The rapidly expanding coronavirus disease 2019 (COVID-19) is a global health challenge and a source of anxiety amplified by the constant news stream. The mortality rate from COVID-19 is difficult to establish given the heterogeneity of reports and confounding factors such as difference in healthcare systems around the world. The occurrence of severe acute respiratory distress syndrome (ARDS) and mortality are increased in the elderly and in patients with underlying conditions such as cardiovascular disease and chronic respiratory conditions. To date, neither autoimmune diseases nor immunosuppressants appear to be risk factors for serious complications associated with COVID-19. Transplant patients taking immunosuppressants do not appear more prone for severe COVID-19.1 In this unprecedented time, we must find the safest balance between protective measures by physical distancing and ensuring the best standards of care for patients with SLE.
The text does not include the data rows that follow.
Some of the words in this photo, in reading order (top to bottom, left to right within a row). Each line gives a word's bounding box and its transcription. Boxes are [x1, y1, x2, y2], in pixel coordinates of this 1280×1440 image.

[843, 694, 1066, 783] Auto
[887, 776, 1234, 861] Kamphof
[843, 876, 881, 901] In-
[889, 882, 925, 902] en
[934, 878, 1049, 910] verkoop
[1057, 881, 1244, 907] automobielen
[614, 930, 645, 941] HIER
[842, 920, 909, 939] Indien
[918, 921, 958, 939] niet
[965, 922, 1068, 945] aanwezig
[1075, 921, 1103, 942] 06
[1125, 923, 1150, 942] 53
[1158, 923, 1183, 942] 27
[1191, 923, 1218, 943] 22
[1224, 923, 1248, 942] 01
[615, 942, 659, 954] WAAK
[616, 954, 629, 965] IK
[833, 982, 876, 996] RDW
SLE is an autoimmune disease prone to flare-ups that are linked to significant morbimortality. Immunosuppression-related infections are one of the leading causes of premature death in patients with SLE. However, there are currently no data to support a higher infection rate, an increased risk of ARDS or other serious complications related to COVID-19. One could even argue that SLE and/or its treatment can protect against the serious complications related to COVID-19. Current knowledge of the immunopathology of COVID-19 is far too limited to draw definitive conclusions, but certain hypotheses can be made on the basis of preliminary data and previous epidemics of coronavirus.
Variability in illness severity in patients with COVID-19 highlights a complex interaction between virological factors and host susceptibility. ARDS is the most frequent cause of death of COVID-19. It is related to an excessive host immune response to the virus, characterised by a cytokine storm with features of macrophage activation syndrome (MAS) and cytokine-release syndrome (CRS).2 There is evidence showing that immunosuppressants and, in particular, cytokine-targeted biological and glucocorticoids can hamper the inflammatory response and improve the outcome of patients with MAS or CRS.3 Currently, various clinical trials are underway to study the optimal approach to reduce the inadequate inflammatory response with immunosuppressants to prevent ARDS in COVID-19.
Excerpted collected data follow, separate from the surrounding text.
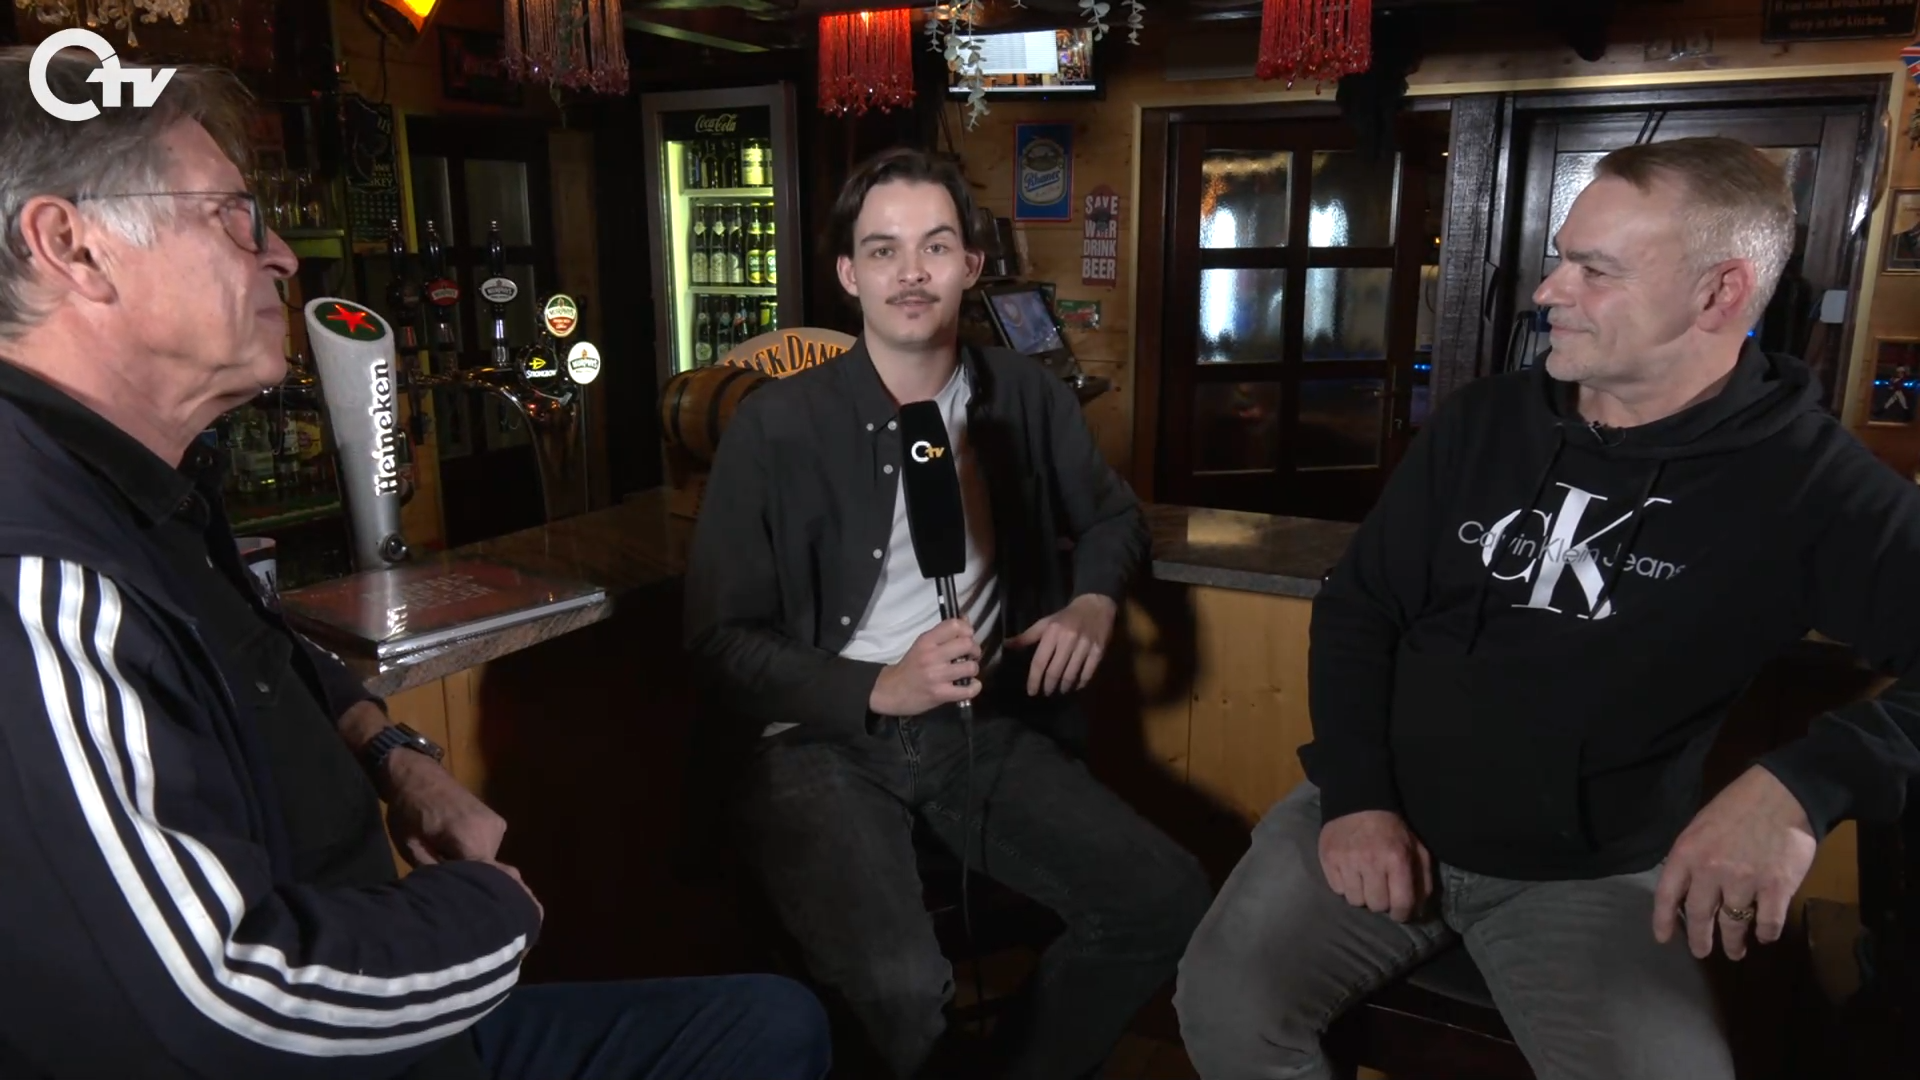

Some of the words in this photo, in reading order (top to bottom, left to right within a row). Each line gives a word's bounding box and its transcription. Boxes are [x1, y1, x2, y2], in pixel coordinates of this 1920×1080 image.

[694, 113, 738, 133] Coca-Cola
[1085, 195, 1119, 215] SAVE
[1084, 219, 1118, 239] WATER
[1083, 239, 1117, 257] DRINK
[1083, 258, 1116, 280] BEER
[727, 344, 787, 376] CK
[369, 358, 398, 497] Heineken
[1457, 520, 1538, 560] Cavin
[1537, 535, 1600, 565] Klein
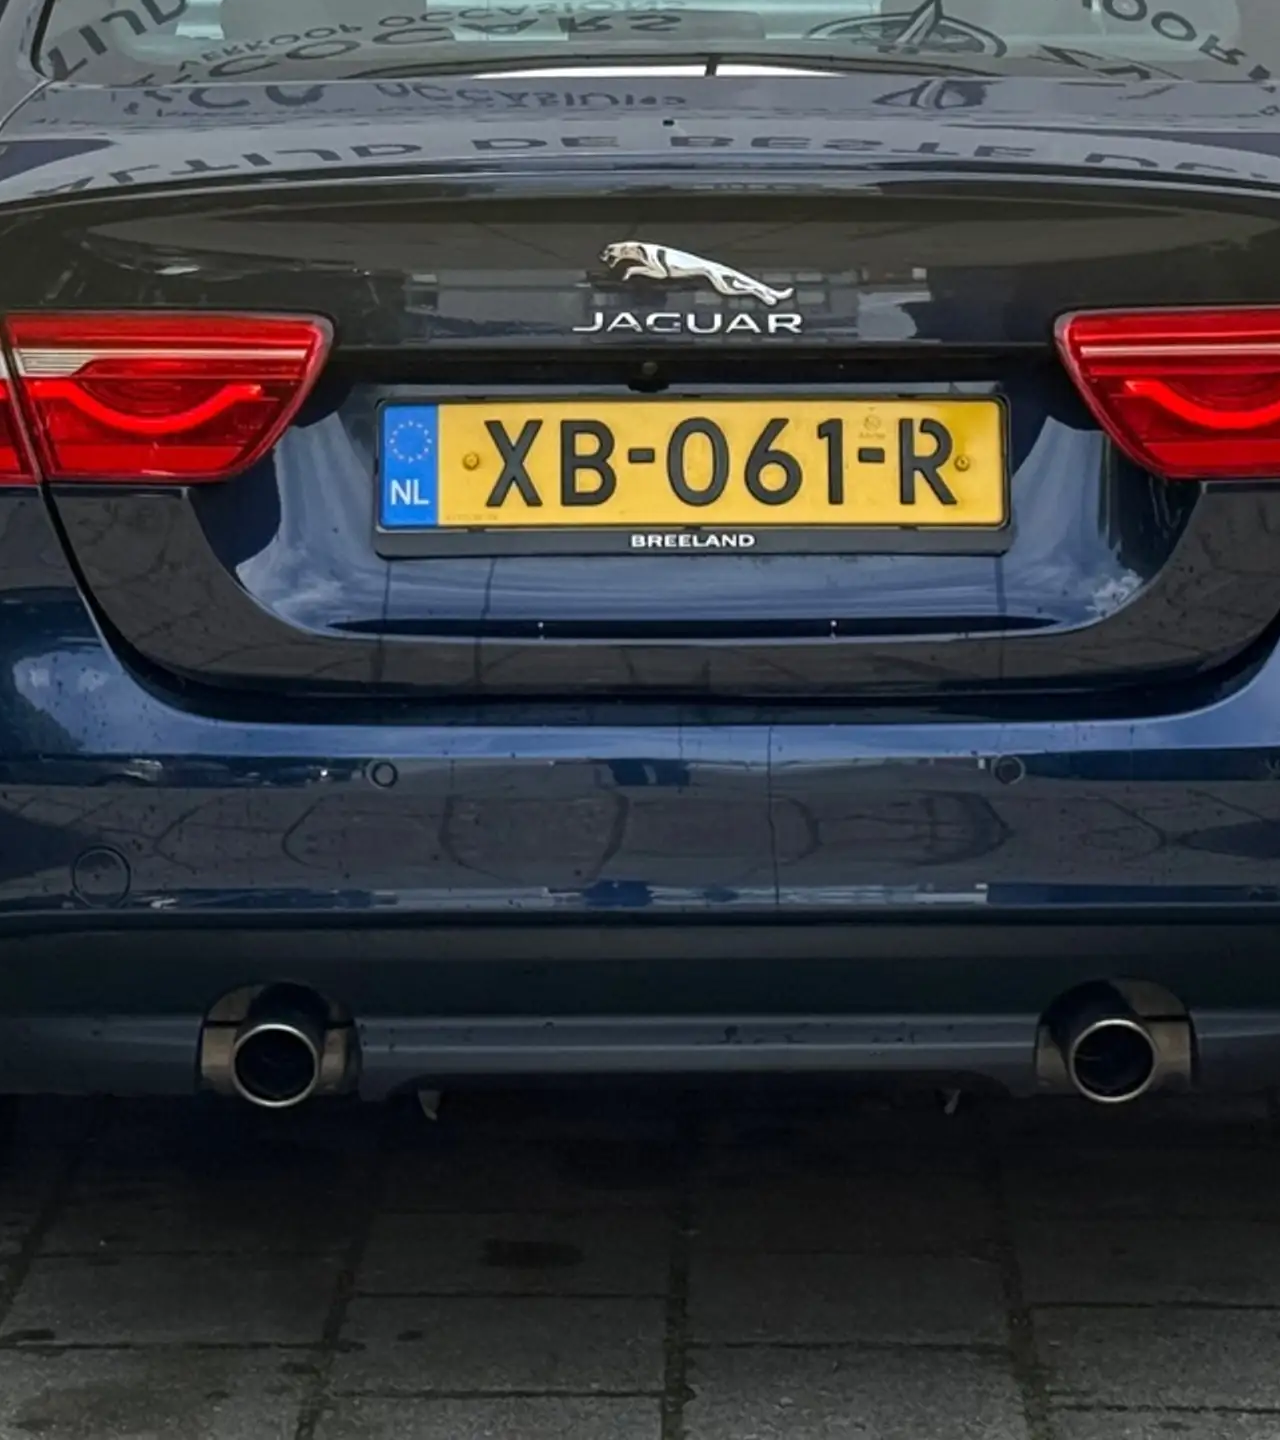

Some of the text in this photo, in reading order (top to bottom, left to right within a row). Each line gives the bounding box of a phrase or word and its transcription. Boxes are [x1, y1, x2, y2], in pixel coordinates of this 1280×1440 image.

[572, 312, 803, 334] JAGUAR
[484, 418, 958, 507] XB-061-R
[390, 479, 430, 506] NL
[630, 533, 756, 548] BREELAND
Severe acute respiratory syndrome coronavirus 2 (SARS-CoV-2) uses the ACE 2 as a receptor for host cell entry. A recent publication suggested that the ACE2 gene is demethylated and overexpressed in T cells from patients with SLE compared with healthy controls.4 Data on ACE2 expression in pulmonary epithelial cells of patients with SLE or on ACE2 gene polymorphisms in this population are lacking.
Type 1 interferons (IFNs) are cytokines that play a key role in antiviral immunity and include among others IFN-α and IFN-β. Type 1 IFN interfere with coronavirus replication in vitro. SARS-CoV, and probably also SARS-CoV-2, interfere with the host’s antiviral signalling pathways, resulting in decreased production of type I IFN.5 The efficacy and safety of IFN-β1 in COVID-19 are currently evaluated as part of the ‘Solidarity’ clinical trial. Overexpression of type I IFN is one of the characteristics of SLE and appears to be the result of genetic polymorphisms and environmental factors. One may hypothesise that the increased bioavailability of type 1 IFN in SLE promotes host defenses against SARS-CoV2 infection and provide some degree of protection against severe COVID-19 in this patient population.
Given their antiviral effect against SARS-CoV-2 in vitro, antimalarials (hydroxychloroquine and chloroquine) represent a potential adjunct treatment for patients with COVID-19 infection. Small uncontrolled or poorly controlled clinical trials have shown an antiviral effect of antimalarials in COVID19 contributing to the growing interest of the health authorities, media and general population. As a result, concerns have arisen about the availability of antimalarials for patients with SLE, for whom these drugs have been proven for a long time. Since only limited data support the use of these drugs in COVID-19, a recent document emphasised the importance of limiting their systematic use in COVID-19 and rationing the supply available for clinical trials and for patients with SLE or with other rheumatic diseases.6
During the current COVID-19 pandemic, strict measures of social distancing have been implemented and are probably the best way to limit the spread of the virus. However, since the healthcare system is overwhelmed by COVID-19 cases and regular patients are advised not to leave their confinement for elective consultation, we must remain alert to the risk of missed or delayed diagnosis of SLE flare-up. Therefore, regular monitoring should be maintained for the early detection of disease flare-up.7 With the aim to reduce contact exposure, telephonic visits are a reasonable first-step screening for stable patients, nevertheless face-to-face visit should not be precluded for SLE patients with active disease potentially requiring therapeutic changes.
COVID-19 pandemic is changing our approach to clinical surveillance and management. In the absence of recommendations, we underline the importance to adapt the medical follow-up of patients with SLE on a case-by-case basis.